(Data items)
§
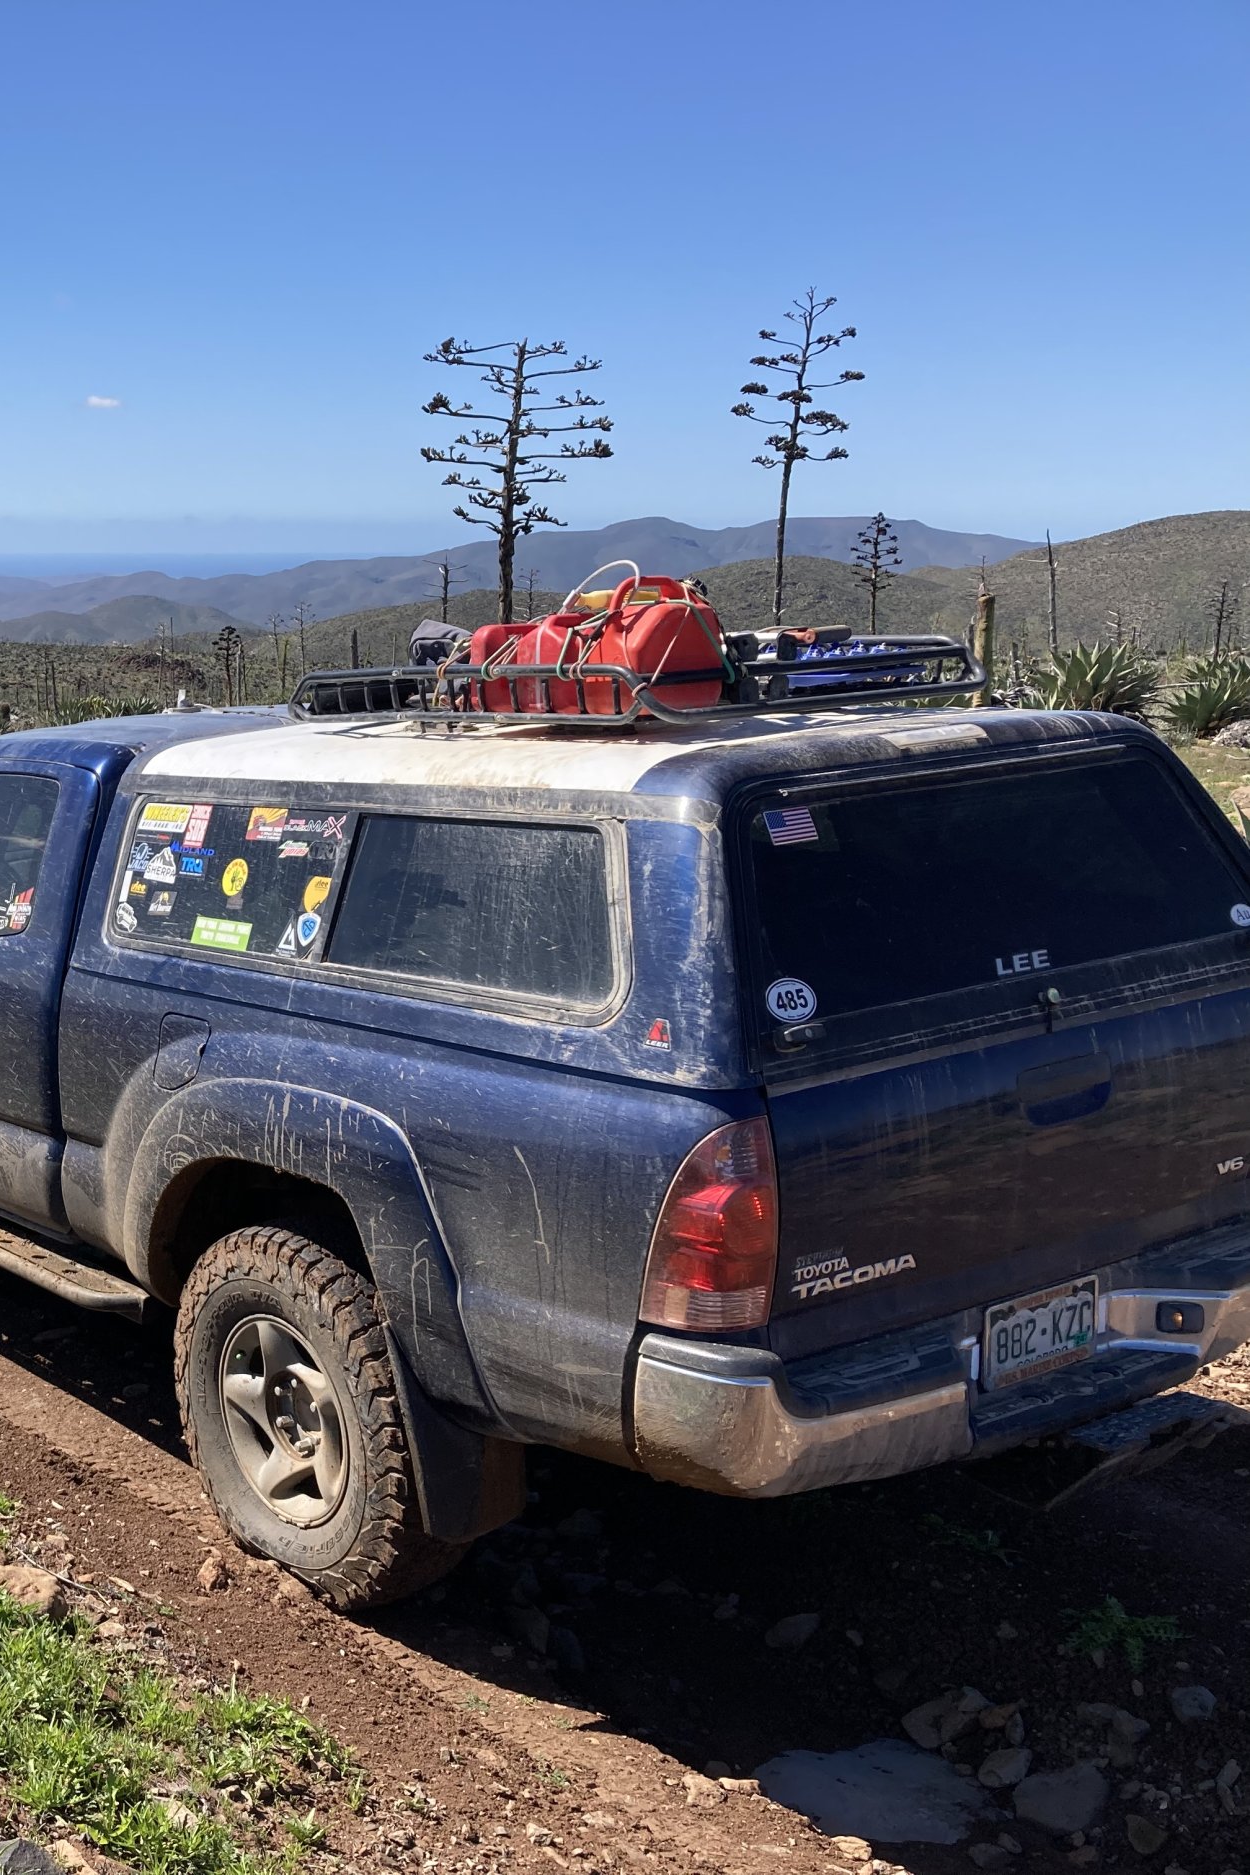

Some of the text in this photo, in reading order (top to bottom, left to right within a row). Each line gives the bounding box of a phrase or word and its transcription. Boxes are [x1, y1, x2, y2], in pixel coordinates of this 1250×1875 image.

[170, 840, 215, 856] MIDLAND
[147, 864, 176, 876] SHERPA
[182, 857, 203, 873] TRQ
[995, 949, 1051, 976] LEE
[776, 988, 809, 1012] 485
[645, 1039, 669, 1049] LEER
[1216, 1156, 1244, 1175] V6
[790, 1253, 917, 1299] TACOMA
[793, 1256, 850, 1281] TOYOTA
§
TASK DESCRIPTION>
With no pictures included, write out the entries exactly.

RESULT OF THIS EXERCISE>
Some of the text in this photo, in reading order (top to bottom, left to right within a row). Each line gives the bounding box of a phrase or word and its transcription. Boxes are [x1, y1, x2, y2], in pixel coordinates of this 1250×1875 image.

[170, 840, 215, 856] MIDLAND
[147, 864, 176, 876] SHERPA
[182, 857, 203, 873] TRQ
[995, 949, 1051, 976] LEE
[776, 988, 809, 1012] 485
[645, 1039, 669, 1049] LEER
[1216, 1156, 1244, 1175] V6
[790, 1253, 917, 1299] TACOMA
[793, 1256, 850, 1281] TOYOTA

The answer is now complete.